Re: Why do we name nodes and not edges?

At least in RDF, resources (the node of the graph) are first class
citizens. You can describe edges as resources, you just need give the
resource an identifier first:

<triple1234>
    a rdf:Statement ;
    rdf:subject <foo> ;
    rdf:predicate <http://example.com/edge/123456> ;
    rdf:object 1 .

Since edges/RDF statements with the same subject, predicate, and object
must be the same edge, this identifies edges.
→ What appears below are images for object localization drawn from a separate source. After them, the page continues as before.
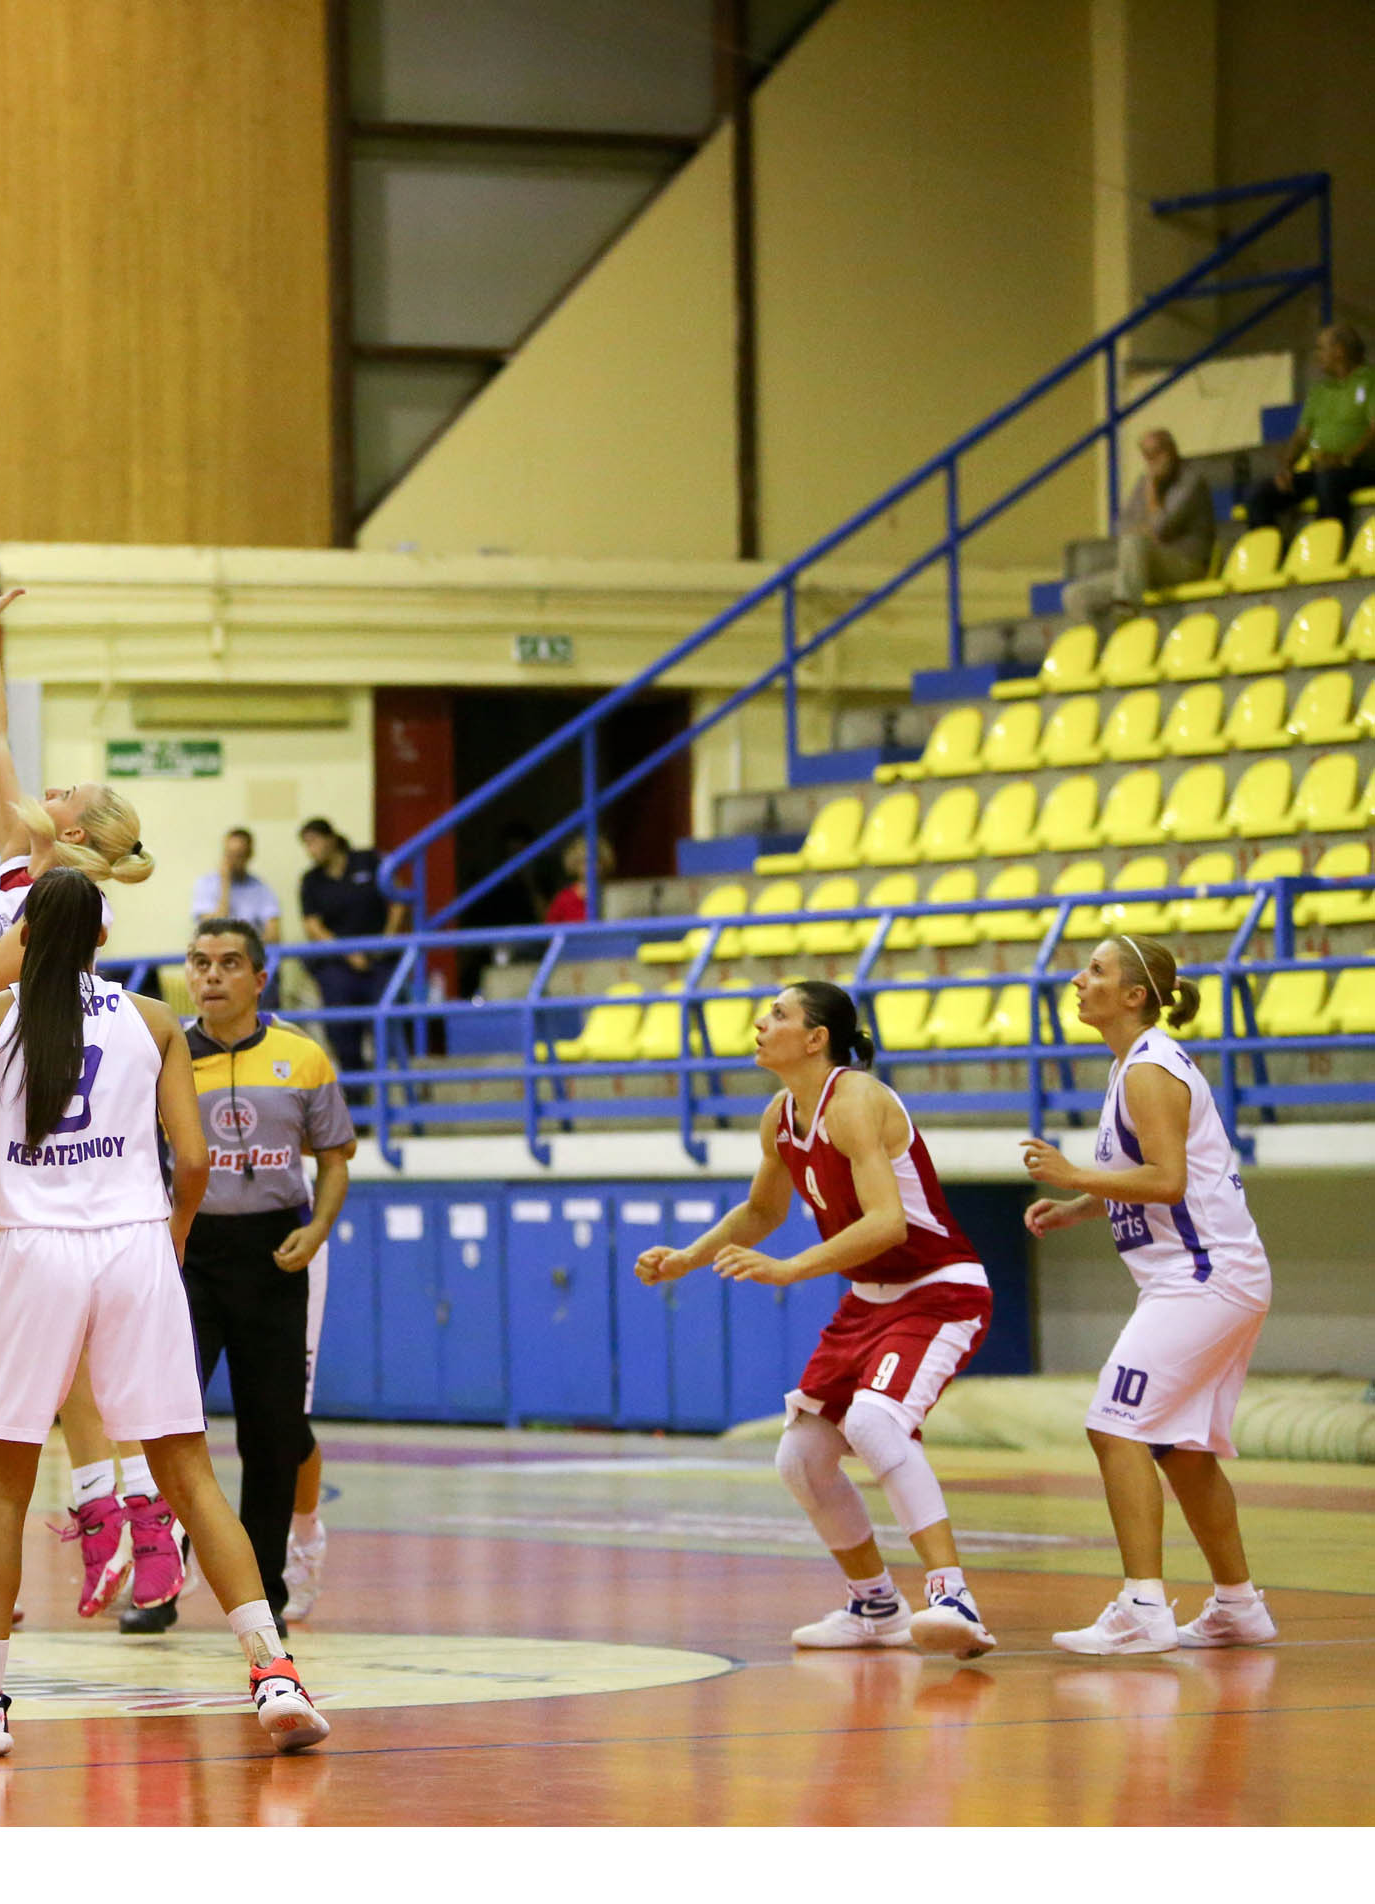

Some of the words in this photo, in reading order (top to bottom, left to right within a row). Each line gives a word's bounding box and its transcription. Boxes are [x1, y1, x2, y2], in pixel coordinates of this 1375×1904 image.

[7, 1137, 125, 1166] ΚΕΡΑΤΣΙΝΙΟΥ
[805, 1166, 827, 1210] 9
[1112, 1216, 1144, 1242] orts
[871, 1352, 900, 1391] 9
[1112, 1365, 1148, 1407] 10
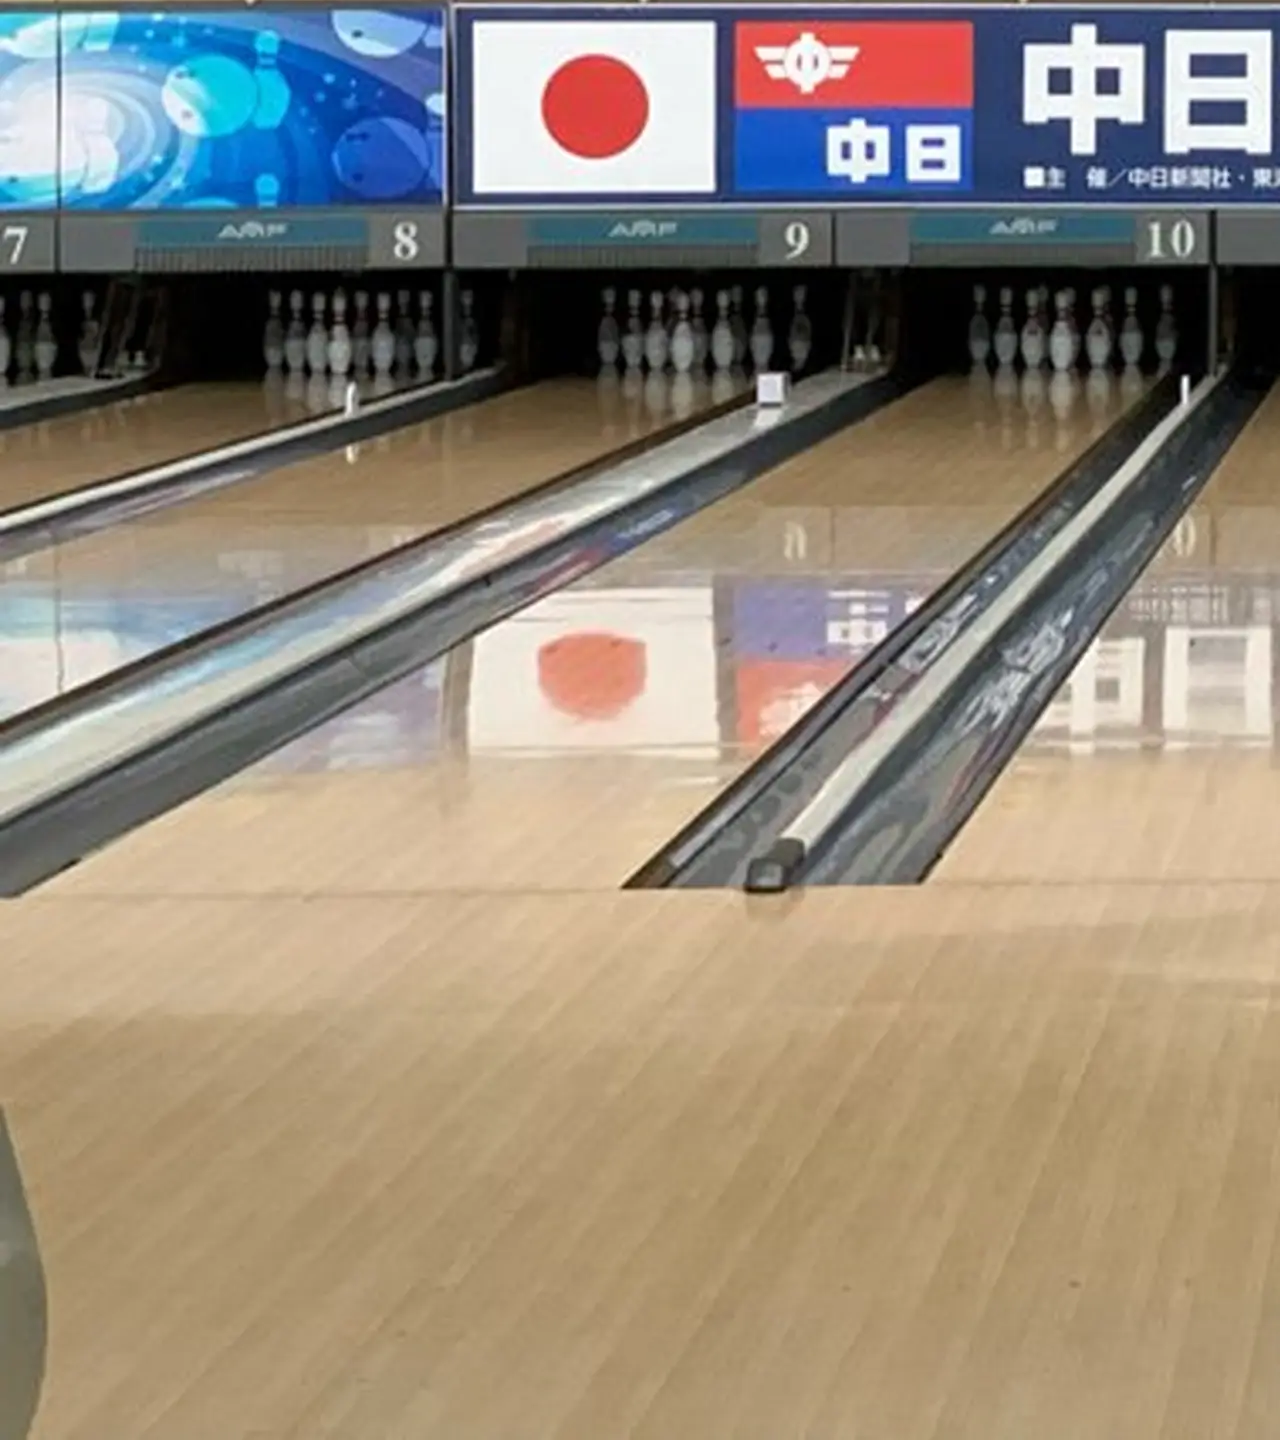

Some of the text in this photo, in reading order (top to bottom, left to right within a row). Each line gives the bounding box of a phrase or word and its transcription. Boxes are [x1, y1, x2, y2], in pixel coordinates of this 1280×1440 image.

[827, 118, 961, 183] 中日
[4, 226, 28, 264] 7
[393, 223, 419, 259] 8
[785, 223, 810, 258] 9
[1147, 221, 1195, 258] 10
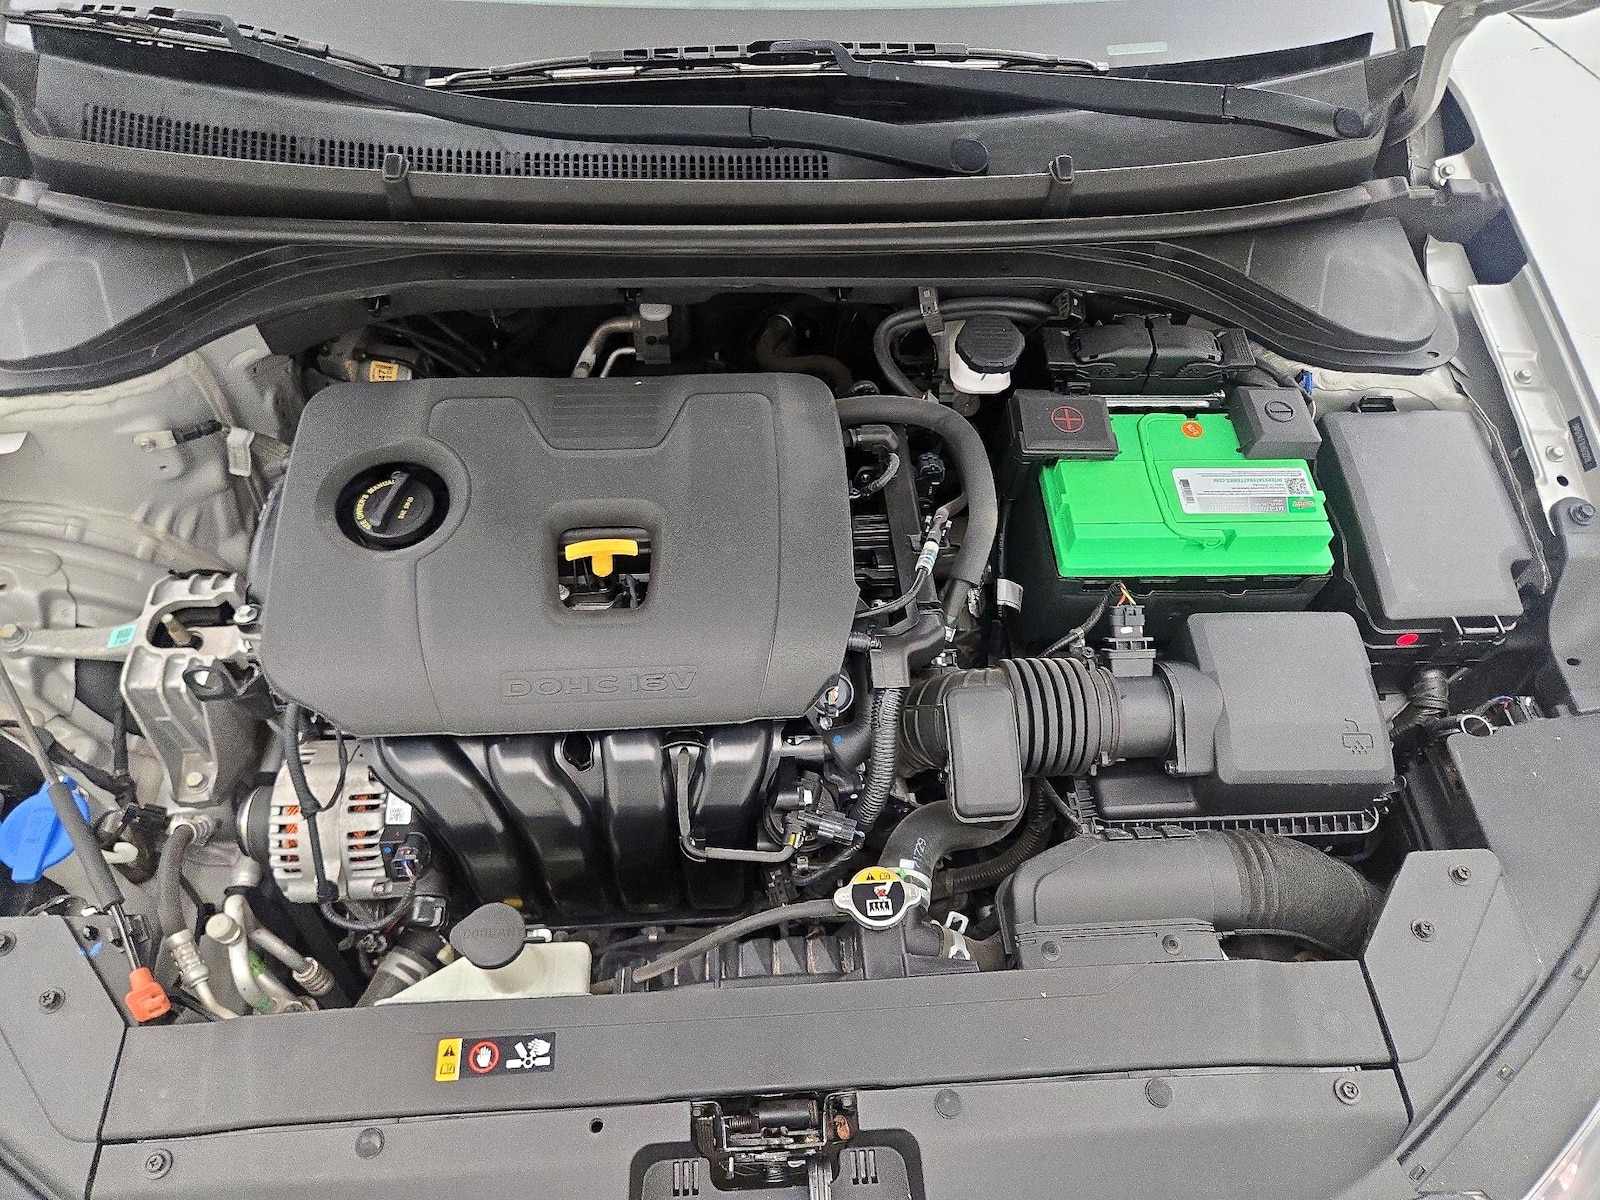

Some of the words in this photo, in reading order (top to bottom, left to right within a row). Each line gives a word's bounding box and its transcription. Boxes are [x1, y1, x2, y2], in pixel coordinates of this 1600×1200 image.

Any rdf:Statement resources
with the same values for subject, predicate, object, would be different
URIs for the same resource.

We don't see this more often because usually edges aren't resources "of
significance", there's not much reason to describe specific facts.
Generally, people make statements on entire graphs of RDF statements, the
graph getting a URI. These don't usually get stored themselves as RDF
statements for practical database reasons, but you could, as an RDF
Collection of rdf:Statement resources.

Austin Wright.

On Wed, Jul 25, 2012 at 8:07 AM, Melvin Carvalho
<melvincarvalho@gmail.com>wrote:

> Sorry if this topic has been covered before, but I have a question based
> on the axioms of the web, in particular:
>
> *Axiom 0a: Universality 2    Any resource of significance should be given
> a URI.
> *
> In this case we consider the web to be a directed graph (of nodes and
> edges), where a *node* corresponds to a *resource* but edge does not.
>
> We are encouraged to make nodes universal by giving them a URI.
>
> Why dont edges get the same treatment, ie encouragment to give it a
> (universal) name.  Is it even practical?
>
> I know there's such thing as reification but that seems to be unpopular
> (maybe before my time).
>
> I'm just curious as to whether this seems asymmetrical, that nodes are
> seemigly treated in one way, and edges in another?